To ensure steady progress toward this goal, and to prevent irreparable harm to Michigan’s ecosystem, residents, and businesses in the interim, the Executive Directive further provides that Michigan will aim to achieve a 28 percent reduction below 1990 levels in greenhouse gas emissions by 2025.

Additionally, the Department of the Treasury must develop and implement an Energy Transition Impact Project to assist communities in maintaining critical services and ensuring high quality employment for workers while moving toward a more sustainable future when faced with the closure of energy facilities.

Wall Street Journal:

California Gov. Gavin Newsom signed an order Wednesday that aims to end the sale of new gasoline and diesel-powered passenger cars in the state by 2035.
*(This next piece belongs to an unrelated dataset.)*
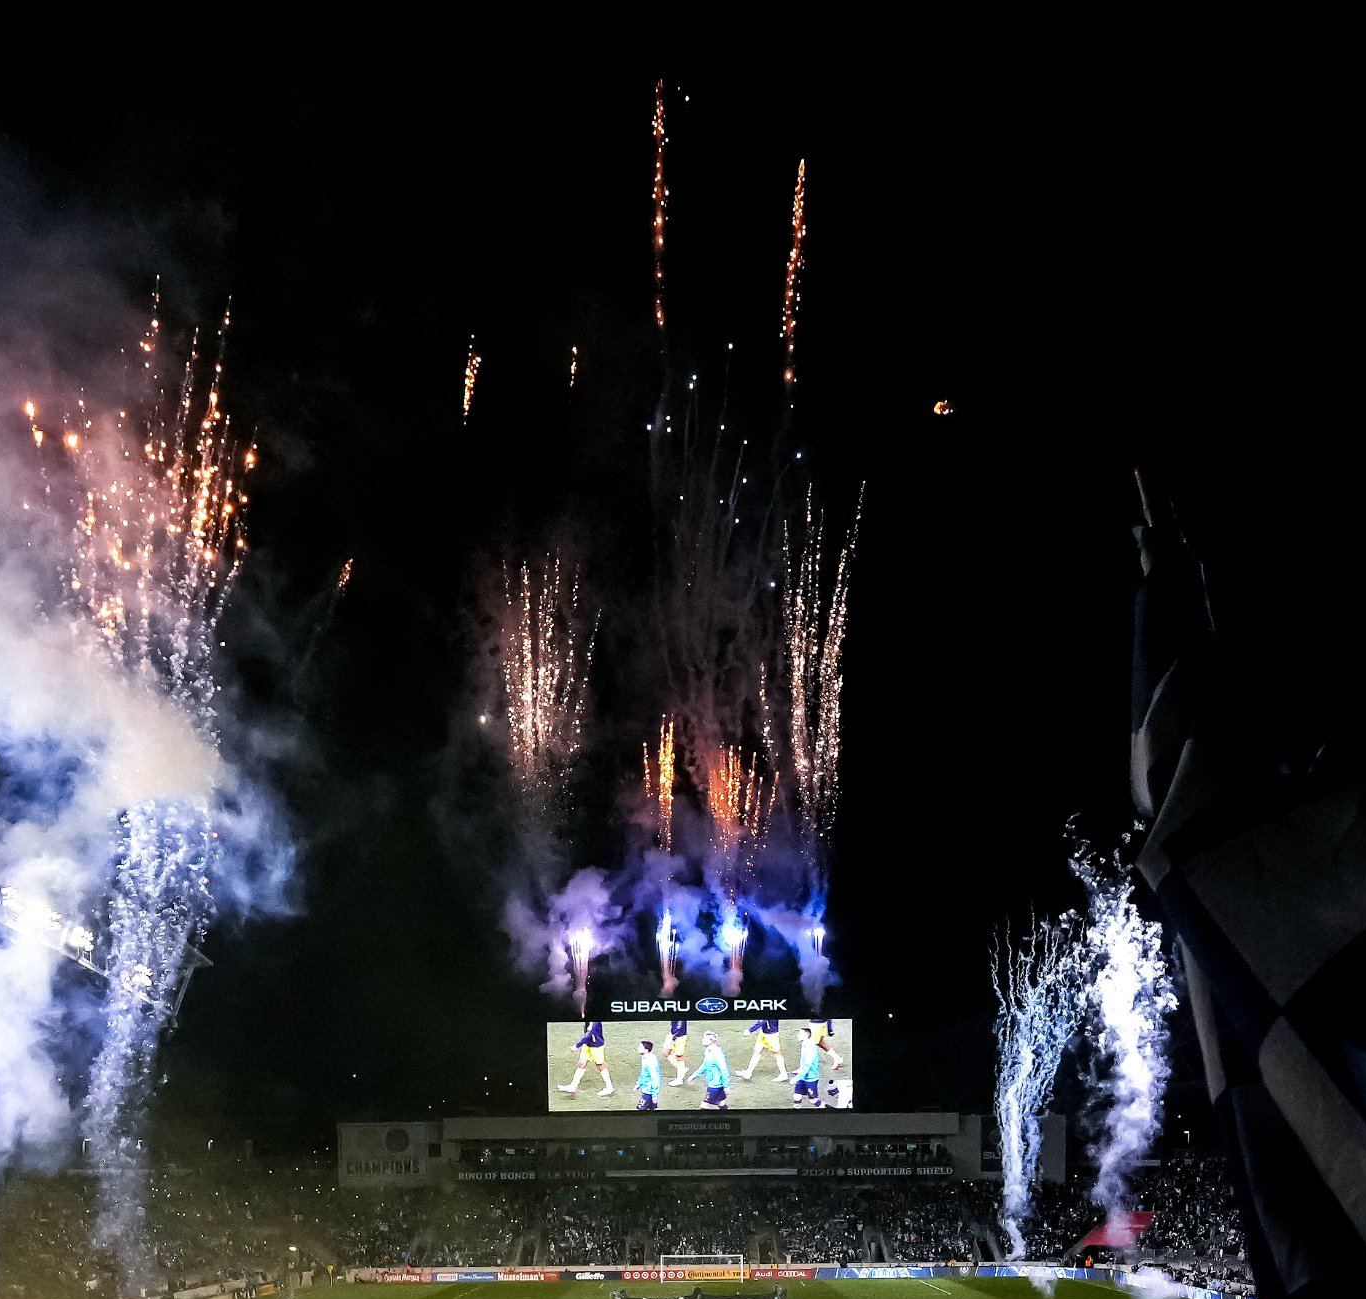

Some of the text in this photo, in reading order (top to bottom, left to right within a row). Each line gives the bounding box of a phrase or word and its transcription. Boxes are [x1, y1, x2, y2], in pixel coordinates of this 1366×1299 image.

It is an ambitious attempt to bolster electric vehicles in the largest car market in the U.S., as well as a bid to tackle emissions that cause climate change. Transportation is responsible for more than half of carbon pollution in California, the governor said.

More than 11% of all light vehicles in the U.S. last year were registered in California, according to IHS Markit.

California is the first state in the nation to commit to such a goal, but could serve as a spark for other left-leaning states to follow, given its size and historic leadership on regulatory issues. Internationally, 15 other nations have committed to phasing out gas-powered cars according to Mr. Newsom, including Canada, the U.K. and France.

The goal is an ambitious one, given the relatively small size of the electric car market currently. Through July, 6.2% of light vehicles registered in California were electric powered and 1.6% in the entire U.S., according to IHS Markit. 

“Of all the simultaneous crises that we face as a state…none is more forceful than the issue of the climate crisis,” Mr. Newsom said while standing in front of several electric cars. “What we’re advancing here today is a strategy to address that crisis head on, to be as bold as the problem is big.”

The order also says that, “where feasible,” medium and heavy duty vehicles such as trucks and construction equipment should be zero-emission by 2045.

Mr. Newsom has emphasized climate change as a key cause of the historically disastrous fires that have ravaged the state in the past month. Experts have said California has become more susceptible to fast-moving, destructive wildfires due in part to climate change, which causes trees and plants to dry out and become more flammable, as well as overgrown forests and an increase in housing in fire-prone areas. 

The announcement spurred immediate criticism from the Trump administration. “This is yet another example of how extreme the left has become,” said White House spokesman Judd Deere. “They want the government to dictate every aspect of every American’s life, and the lengths to which they will go to destroy jobs and raise costs on the consumer is alarming. President Trump won’t stand for it.”

2 Responses to “States Continue to Lead on Climate”

  1. Electric cars certainly look poised to make advances, especially in light of Tesla’s battery day announcements, but trying to ban ICEs is not going to end well.

    The video is amusing trying to make over reaching, busy body, paint banning Governor Witlessmore look cool and hip.

  2. J4Zonian Says:

    SOME states lead. Others are what’s dragging us back.

    “No, those climate changes don’t make you look fat.”
    Even in the states that aren’t at the rear, politicians love to call their timid and inadequate actions “bold” and unfortunately, most people prefer to be lied to.
    2050 is too late, and if we don’t support people better to deal with the emotional consequences of facing reality, they never will.